I principi fondamentali dell’Apertura Scozzese sono :

  • Il Bianco cerca immediatamente di aprire il centro.
  • Ottiene uno sviluppo rapido e linee aperte per i propri pezzi.
  • È un’apertura schietta e diretta, senza manovre nascoste.

Punti di forza

  • Centro aperto: favorisce uno sviluppo rapido e l’attività dei pezzi.

  • Ideale per i giocatori che amano posizioni tattiche chiare.

  • Una teoria abbastanza semplice e intuitiva.

  • Può sorprendere i giocatori in Nero abituati a sistemi più chiusi.

Punti deboli

  • Se il Nero reagisce con precisione, il Bianco ottiene solo un vantaggio minimo.

  • Il centro aperto espone anche il re bianco se lo sviluppo viene trascurato.

  • Richiede una buona comprensione degli scambi e del tempo, poiché ogni mossa conta in questo tipo di posizione.

Il Nero scambia i cavalli

Posizione iniziale

1. e4   e5

2. Nf3   Nc6

3. d4

  • Il Bianco rivendica immediatamente il controllo del centro.

Questa è la posizione tipica dell’Apertura Scozzese e vedremo innanzitutto cosa succede nel caso in cui il Nero catturi due volte in d4.

È un errore, ma è interessante capire perché, per poterlo punire quando l’avversario sbaglia.

Errore del Nero : scambiare i cavalli !

3. d4   exd4

  • Prima cattura, logica e teoricamente corretta.

4. Nxd4   Nxd4

  • Il Bianco riprende il pedone.
  • Il Nero cattura il cavallo bianco. (ERRORE!)

5. Qxd4

  • Il Bianco recupera il cavallo. Il materiale è ancora in equilibrio.
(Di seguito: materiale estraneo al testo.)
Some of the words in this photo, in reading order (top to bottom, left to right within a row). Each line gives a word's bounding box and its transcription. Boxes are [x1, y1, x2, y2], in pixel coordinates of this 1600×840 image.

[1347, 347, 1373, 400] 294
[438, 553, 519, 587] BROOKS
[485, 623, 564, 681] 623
Il problema per il Nero è che non ha ancora sviluppato alcun pezzo. Inoltre, la donna bianca è centralizzata e controlla quindi un numero enorme di case.

Di norma si preferisce evitare di sviluppare la Donna troppo presto, per non permettere all’avversario di attaccarla sviluppando i propri pezzi. Ma qui nessun pezzo nero può attaccare correttamente la Donna bianca senza compromettere uno sviluppo armonioso.

Tentativo di controattacco del Nero

5… c5

  • Il Nero decide di attaccare la donna sviluppando un pedone relativamente centrale. Questa mossa può sembrare una buona idea, ma crea una debolezza, perché…

6. Qd3

  • Il Bianco riposiziona la propria donna mantenendo la pressione sul centro.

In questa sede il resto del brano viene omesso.